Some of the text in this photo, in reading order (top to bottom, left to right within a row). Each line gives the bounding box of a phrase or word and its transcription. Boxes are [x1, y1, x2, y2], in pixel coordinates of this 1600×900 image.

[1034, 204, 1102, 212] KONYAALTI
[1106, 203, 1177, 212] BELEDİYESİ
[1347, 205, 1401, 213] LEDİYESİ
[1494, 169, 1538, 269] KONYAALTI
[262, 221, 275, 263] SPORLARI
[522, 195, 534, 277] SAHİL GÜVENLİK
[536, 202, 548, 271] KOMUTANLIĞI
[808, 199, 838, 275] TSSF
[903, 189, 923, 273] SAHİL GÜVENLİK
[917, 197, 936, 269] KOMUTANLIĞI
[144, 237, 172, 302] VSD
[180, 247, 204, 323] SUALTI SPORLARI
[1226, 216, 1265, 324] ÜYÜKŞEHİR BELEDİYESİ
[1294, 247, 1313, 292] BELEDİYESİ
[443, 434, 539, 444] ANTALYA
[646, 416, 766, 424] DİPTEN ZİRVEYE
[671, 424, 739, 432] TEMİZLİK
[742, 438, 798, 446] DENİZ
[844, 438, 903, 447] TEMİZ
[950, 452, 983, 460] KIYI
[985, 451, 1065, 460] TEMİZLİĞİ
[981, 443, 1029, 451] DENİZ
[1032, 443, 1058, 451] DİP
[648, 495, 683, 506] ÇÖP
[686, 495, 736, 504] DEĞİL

## [PROMPT]
Each record is to be reproduced exactly as it appears.

## [OUTPUT OF THE TASK]
Some of the text in this photo, in reading order (top to bottom, left to right within a row). Each line gives the bounding box of a phrase or word and its transcription. Boxes are [x1, y1, x2, y2], in pixel coordinates of this 1600×900 image.

[1034, 204, 1102, 212] KONYAALTI
[1106, 203, 1177, 212] BELEDİYESİ
[1347, 205, 1401, 213] LEDİYESİ
[1494, 169, 1538, 269] KONYAALTI
[262, 221, 275, 263] SPORLARI
[522, 195, 534, 277] SAHİL GÜVENLİK
[536, 202, 548, 271] KOMUTANLIĞI
[808, 199, 838, 275] TSSF
[903, 189, 923, 273] SAHİL GÜVENLİK
[917, 197, 936, 269] KOMUTANLIĞI
[144, 237, 172, 302] VSD
[180, 247, 204, 323] SUALTI SPORLARI
[1226, 216, 1265, 324] ÜYÜKŞEHİR BELEDİYESİ
[1294, 247, 1313, 292] BELEDİYESİ
[443, 434, 539, 444] ANTALYA
[646, 416, 766, 424] DİPTEN ZİRVEYE
[671, 424, 739, 432] TEMİZLİK
[742, 438, 798, 446] DENİZ
[844, 438, 903, 447] TEMİZ
[950, 452, 983, 460] KIYI
[985, 451, 1065, 460] TEMİZLİĞİ
[981, 443, 1029, 451] DENİZ
[1032, 443, 1058, 451] DİP
[648, 495, 683, 506] ÇÖP
[686, 495, 736, 504] DEĞİL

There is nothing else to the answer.